Meet Versace Footwear Designer Salehe Bembury
At only 31 years, NYC-born and raised sneaker designer Salehe Bembury already boasts an impressive resume. From starting out at traditional men’s footwear company Cole Haan to working on Yeezy Seasons 3 and 4 all the way to being appointed Versace’s new head of footwear design, the young visionary already is one of the most ambitious creatives in the footwear industry. In our conversation, Salehe opened up about being a sneakerhead, working for Kanye West and Donatella Versace – and he told us why people should pay attention to the toothbrush section at their next visit to the grocery store.
When did it dawn on you that you would be more than a consumer in this footwear industry?

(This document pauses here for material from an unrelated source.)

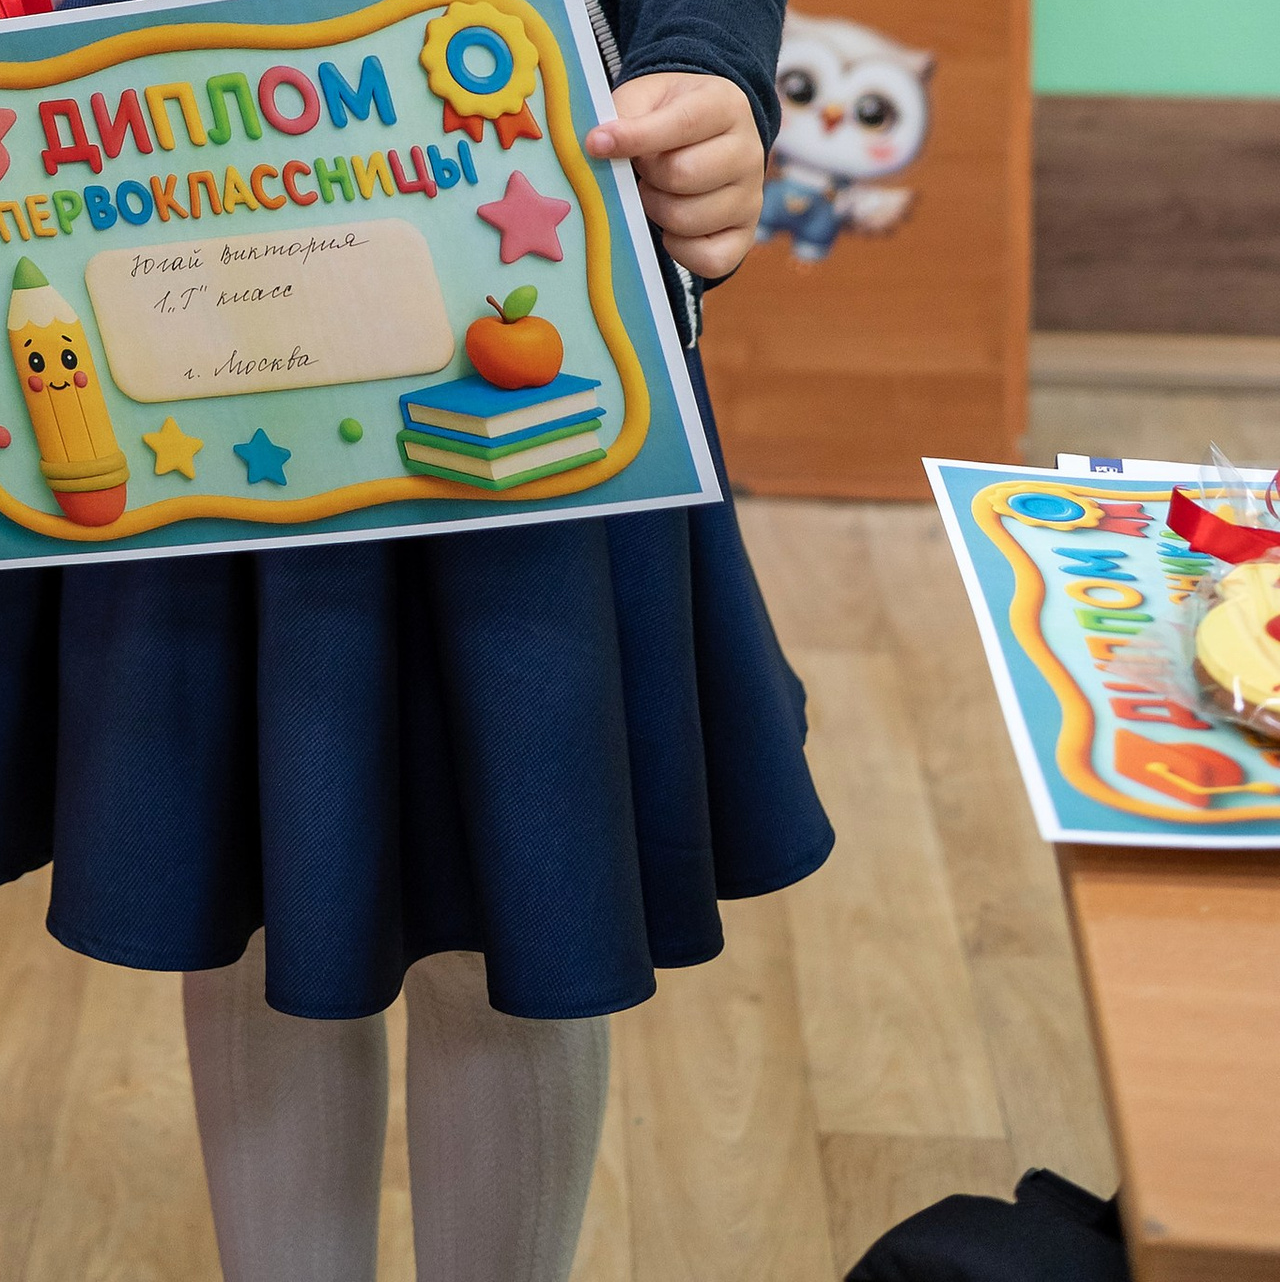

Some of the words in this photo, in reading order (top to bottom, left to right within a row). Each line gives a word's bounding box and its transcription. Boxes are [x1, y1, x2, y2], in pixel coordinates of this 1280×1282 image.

I thought I was ready for the big leagues (Nike) at like 10 years old. I would sketch a sneaker, take a look at it… and think, “Nike needs this”. I may have been delusional, but I always felt that I was more than just a consumer. I appreciated sneakers on a higher level than my friends. While they were excited about their new Jordans making them play basketball better, I was amped about all of the detail molded into the outsole. At the time I didn’t realize it was an appreciation for design; it was more just a love of sneakers.
I would say the Internet really took being a “sneakerhead” to another level. Prior to that it was really underground and word of mouth. There was this one store, Nom De Guerre, that literally had no signage, and you had to walk down an unmarked, subway-like stairwell that felt like trespassing. Back in those days there was this great underground sense of community. Forums like NikeTalk made you feel like you were a part of this big thing that mainstream media did not know about. It was like a secret society. It was easy to tell who was grass roots and who bought some Jordans to keep up with appearances. These days the majority of people fit under the latter. I’m not sure I had a defining moment, but I use those days as both fuel and motivation for what I do now.
When you grew up, streetwear and high fashion weren’t linked in the way they are now. Now it seems they are feeding off of each other. Why is this interesting to you as a designer?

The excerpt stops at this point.